Task objective – Copy the entries exactly. Their pictures do not belong in the copy.

[Available data — start]

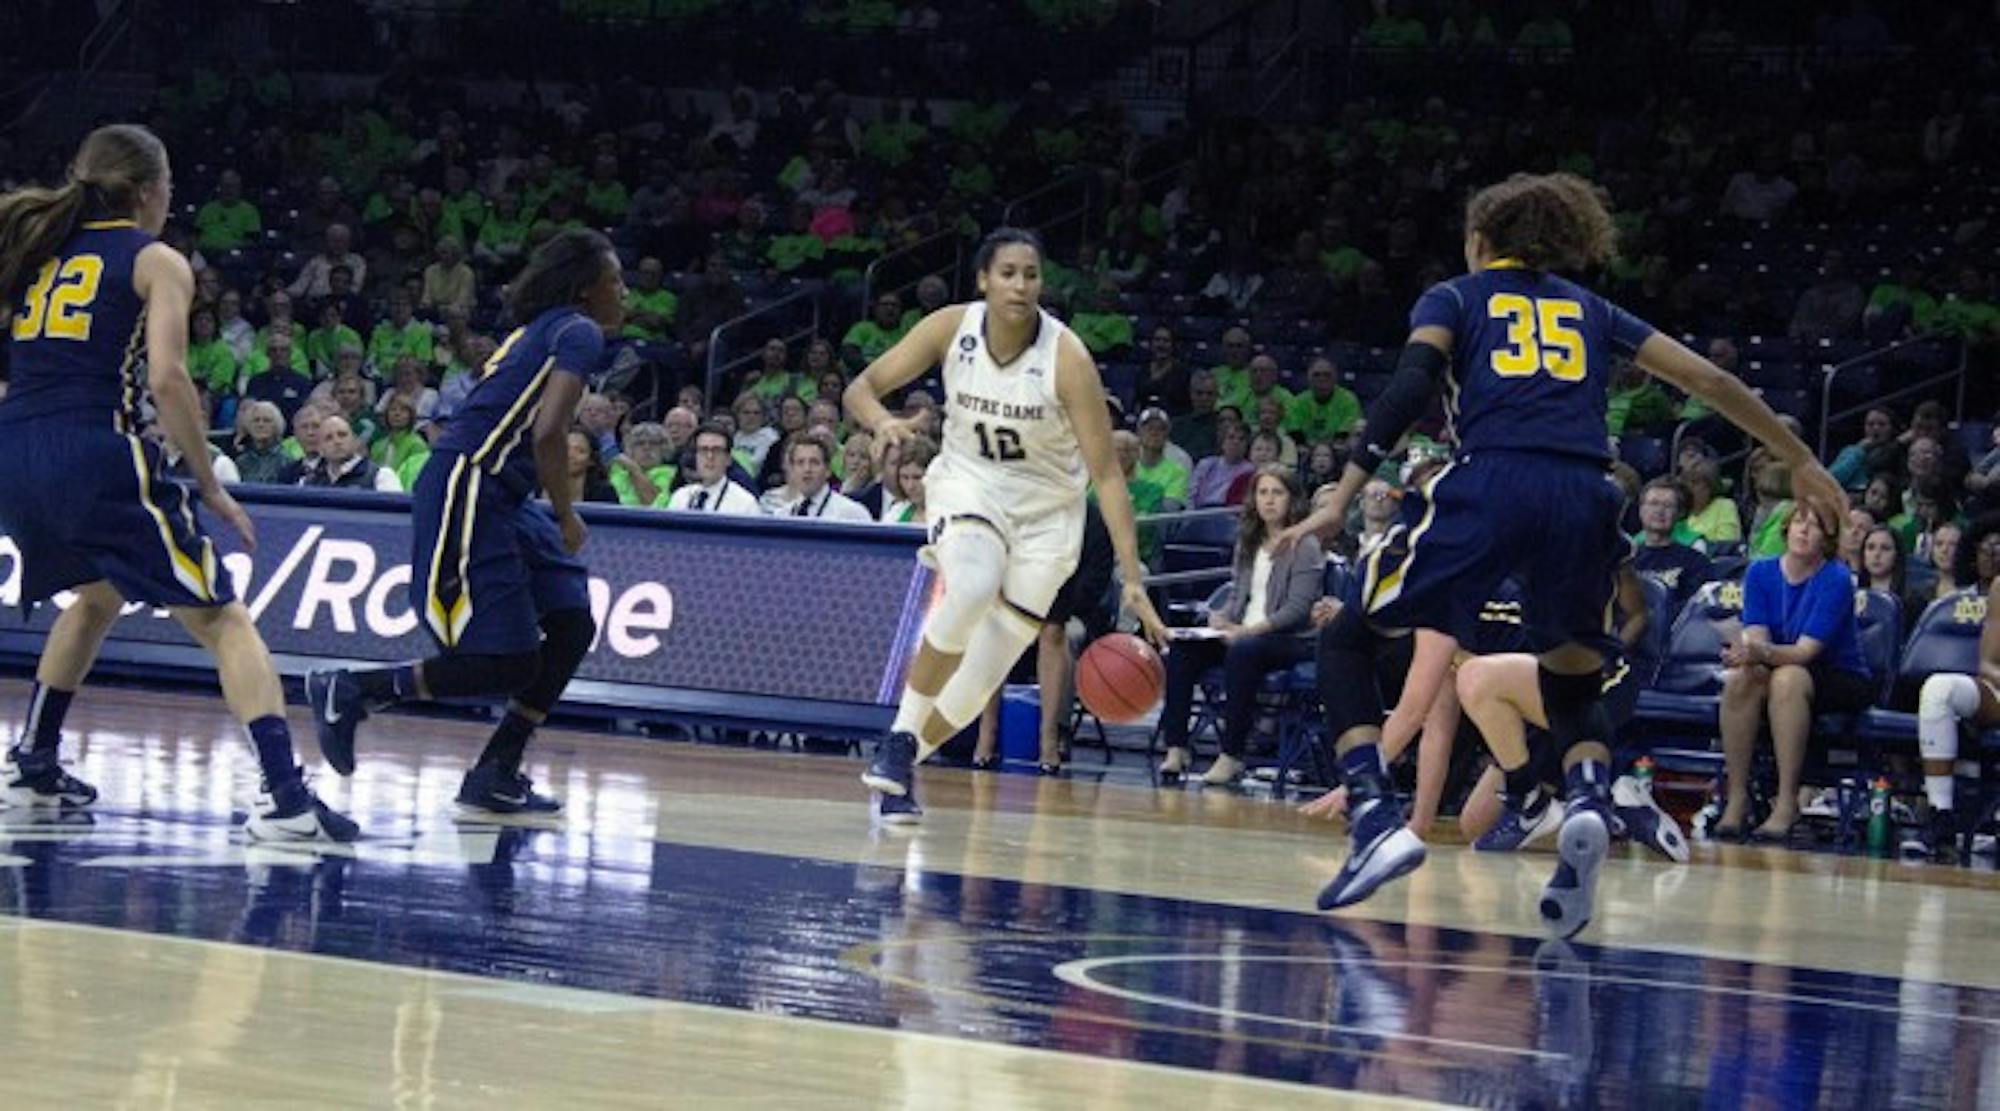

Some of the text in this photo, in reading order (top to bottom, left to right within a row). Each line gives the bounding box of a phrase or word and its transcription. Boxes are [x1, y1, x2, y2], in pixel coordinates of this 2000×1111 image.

[12, 253, 104, 341] 32
[1487, 292, 1587, 382] 35
[957, 391, 1044, 420] NOTRE DAME
[974, 422, 1026, 460] 12
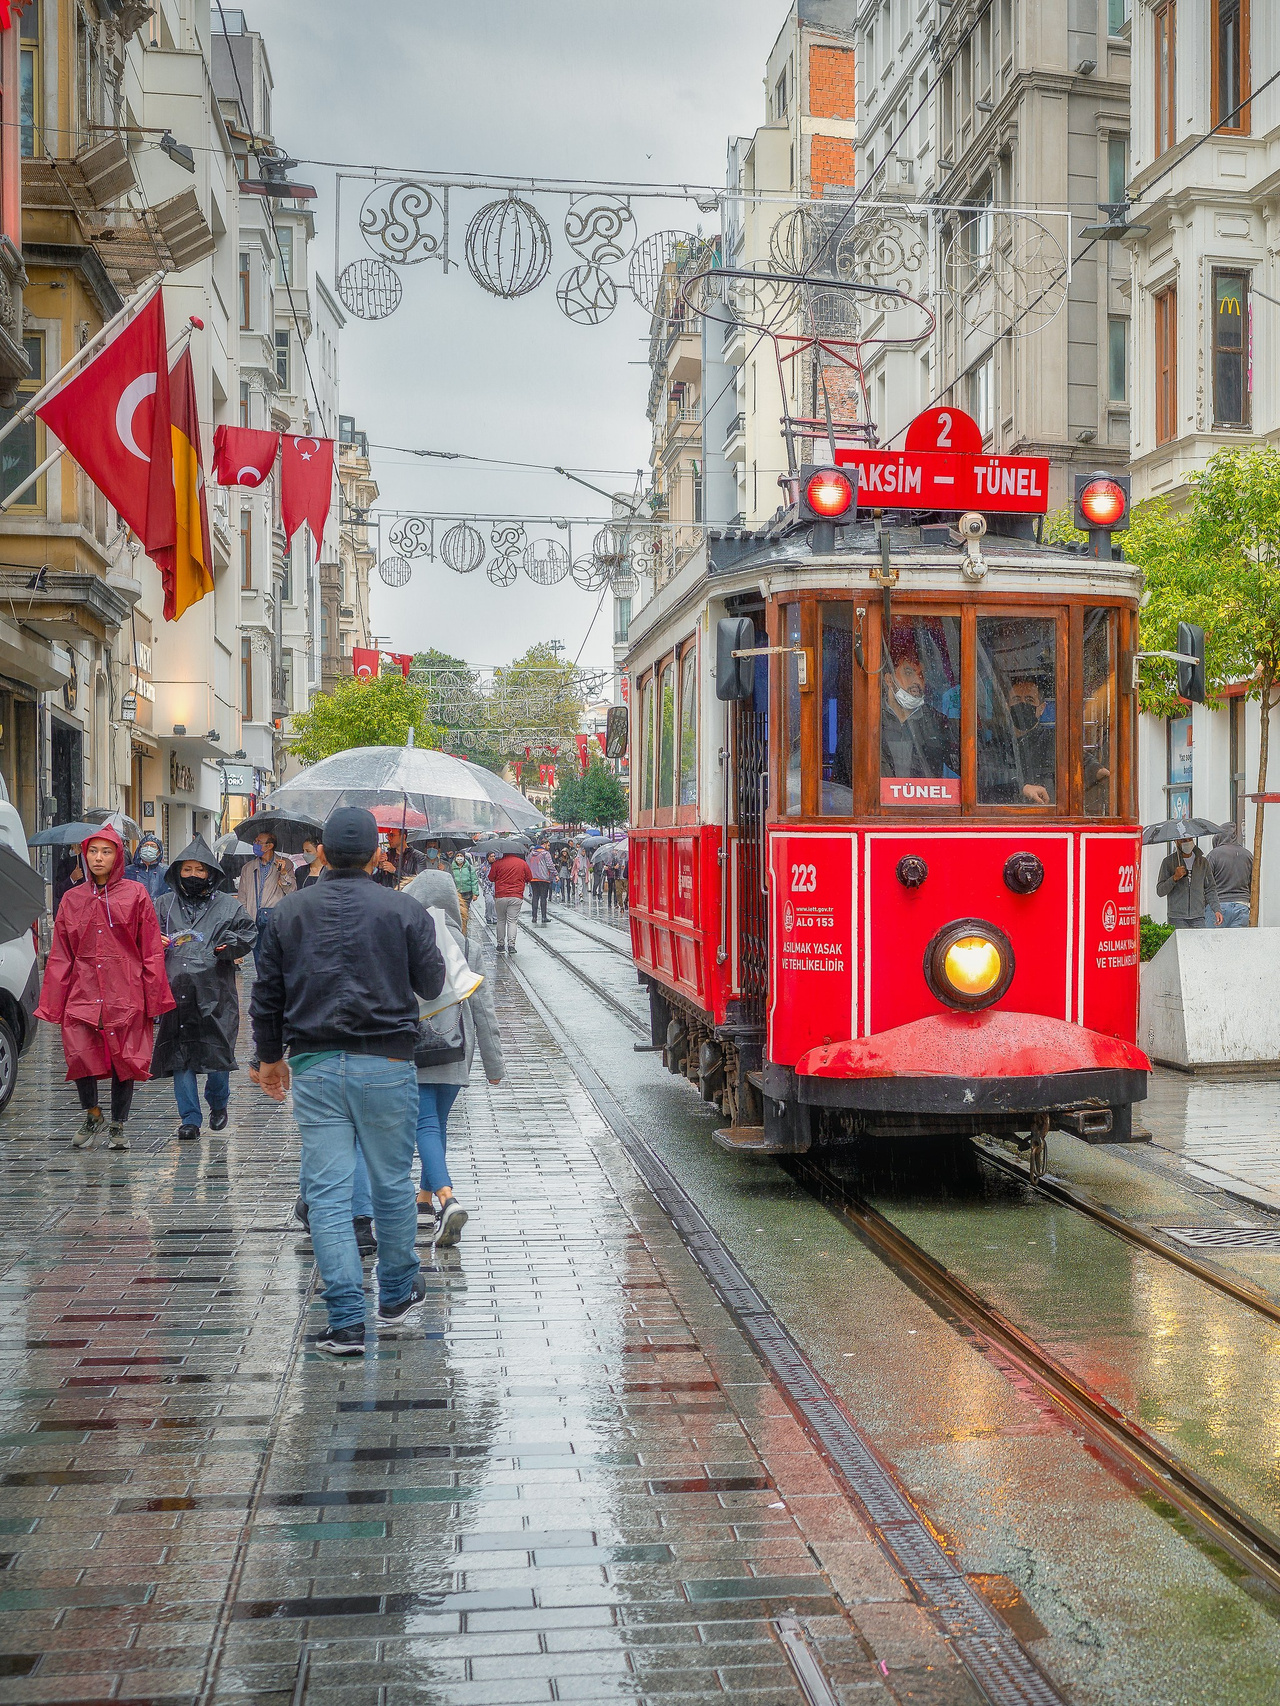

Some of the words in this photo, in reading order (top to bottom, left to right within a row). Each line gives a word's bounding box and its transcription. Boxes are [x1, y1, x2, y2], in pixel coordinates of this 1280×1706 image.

[936, 412, 953, 448] 2
[974, 459, 1042, 497] TÜNEL
[889, 783, 952, 799] TÜNEL
[791, 864, 817, 892] 223
[1118, 865, 1134, 893] 223
[796, 918, 814, 927] ALO
[816, 918, 834, 927] 153
[1119, 917, 1130, 926] ALO
[783, 942, 812, 954] ASILMAK
[813, 943, 843, 955] YASAK
[1098, 940, 1127, 952] ASILMAK
[782, 958, 789, 969] VE
[789, 957, 844, 972] TEHLİKELİDİR
[1096, 957, 1107, 969] VE
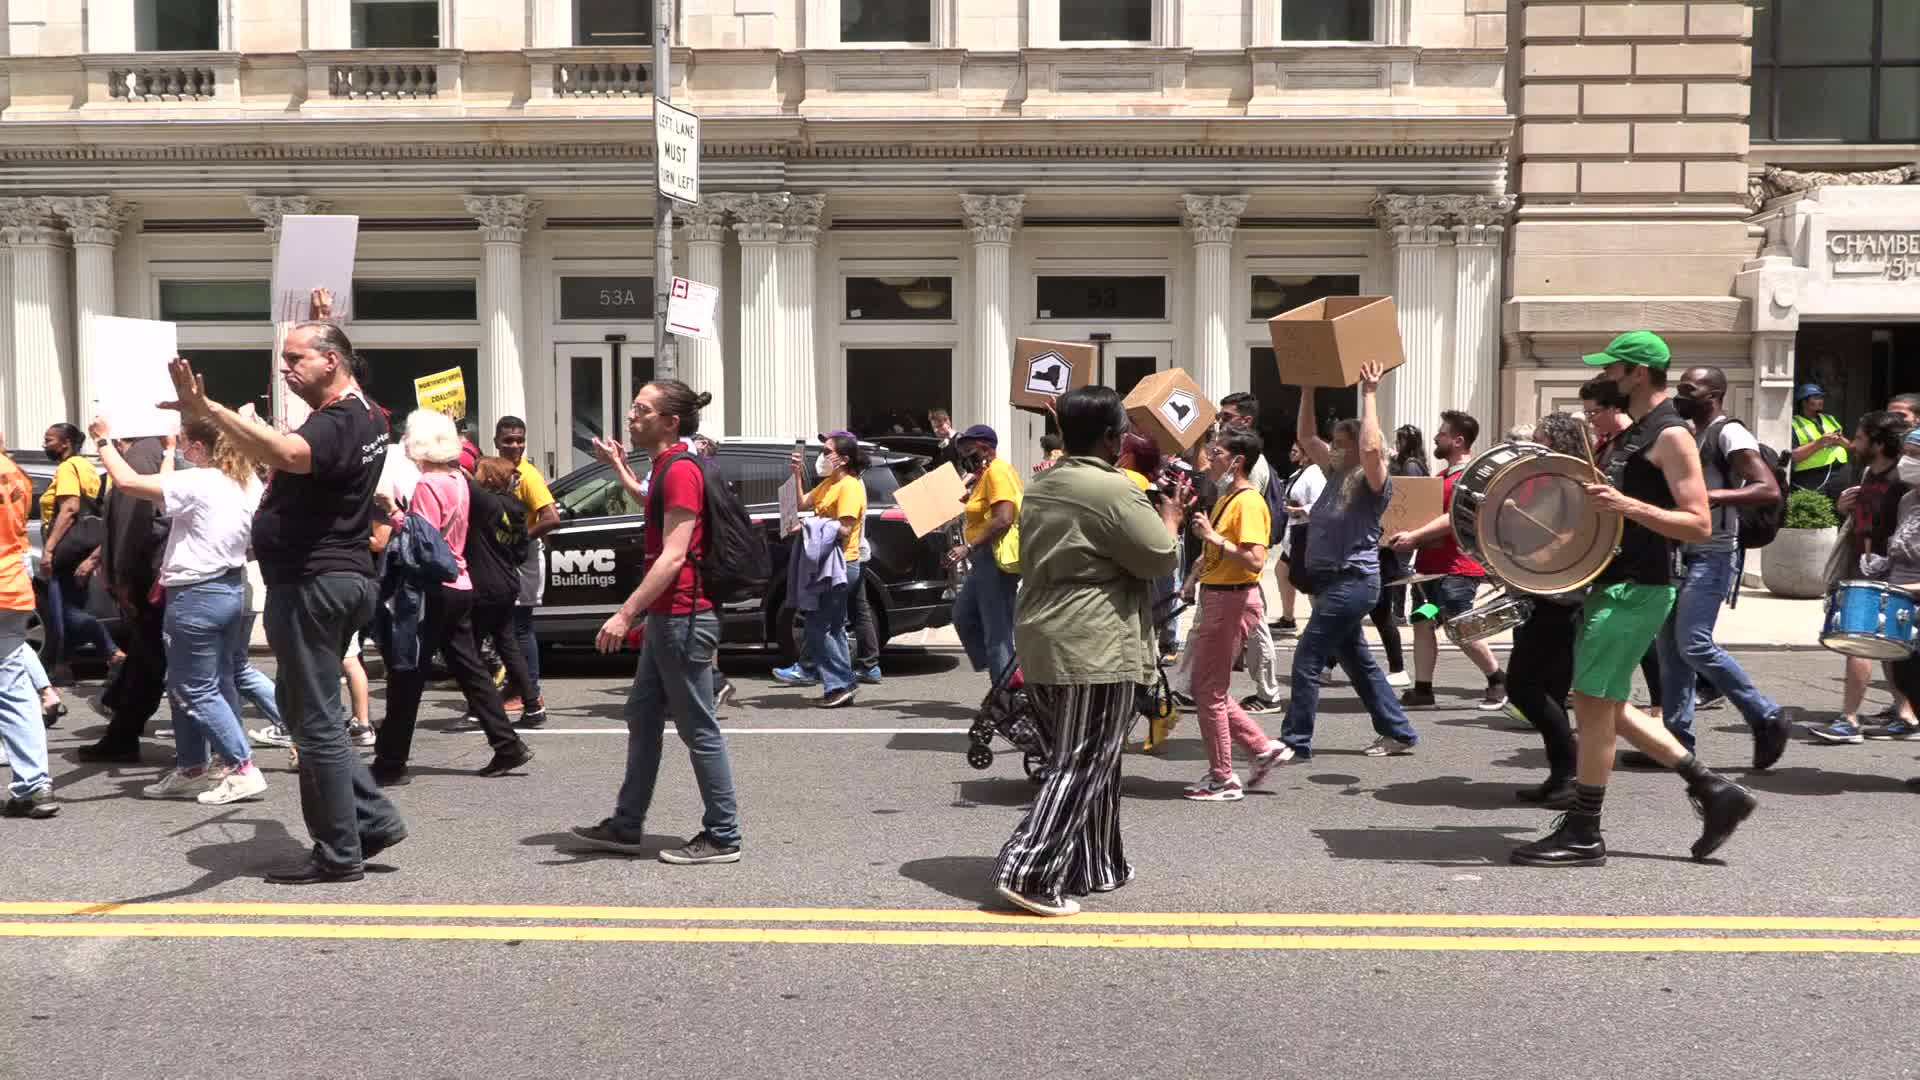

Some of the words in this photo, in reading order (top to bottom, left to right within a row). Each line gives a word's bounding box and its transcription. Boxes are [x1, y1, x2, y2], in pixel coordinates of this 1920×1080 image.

[Available data — finish]

Solution –
Some of the text in this photo, in reading order (top to bottom, left to right within a row). Each line gives the bounding box of a phrase or word and its transcription. Boxes are [x1, y1, x2, y2], in pixel coordinates of this 2000×1111 image.

[12, 253, 104, 341] 32
[1487, 292, 1587, 382] 35
[957, 391, 1044, 420] NOTRE DAME
[974, 422, 1026, 460] 12

Some of the words in this photo, in reading order (top to bottom, left to right within a row). Each line gives a word's bounding box and its transcription. Boxes are [x1, y1, x2, y2], in pixel coordinates of this 1280×1706 image.

[936, 412, 953, 448] 2
[974, 459, 1042, 497] TÜNEL
[889, 783, 952, 799] TÜNEL
[791, 864, 817, 892] 223
[1118, 865, 1134, 893] 223
[796, 918, 814, 927] ALO
[816, 918, 834, 927] 153
[1119, 917, 1130, 926] ALO
[783, 942, 812, 954] ASILMAK
[813, 943, 843, 955] YASAK
[1098, 940, 1127, 952] ASILMAK
[782, 958, 789, 969] VE
[789, 957, 844, 972] TEHLİKELİDİR
[1096, 957, 1107, 969] VE

Some of the words in this photo, in reading order (top to bottom, left to right within a row). Each line gives a word's bounding box and its transcription. Boxes are [x1, y1, x2, y2], in pixel coordinates of this 1920×1080 image.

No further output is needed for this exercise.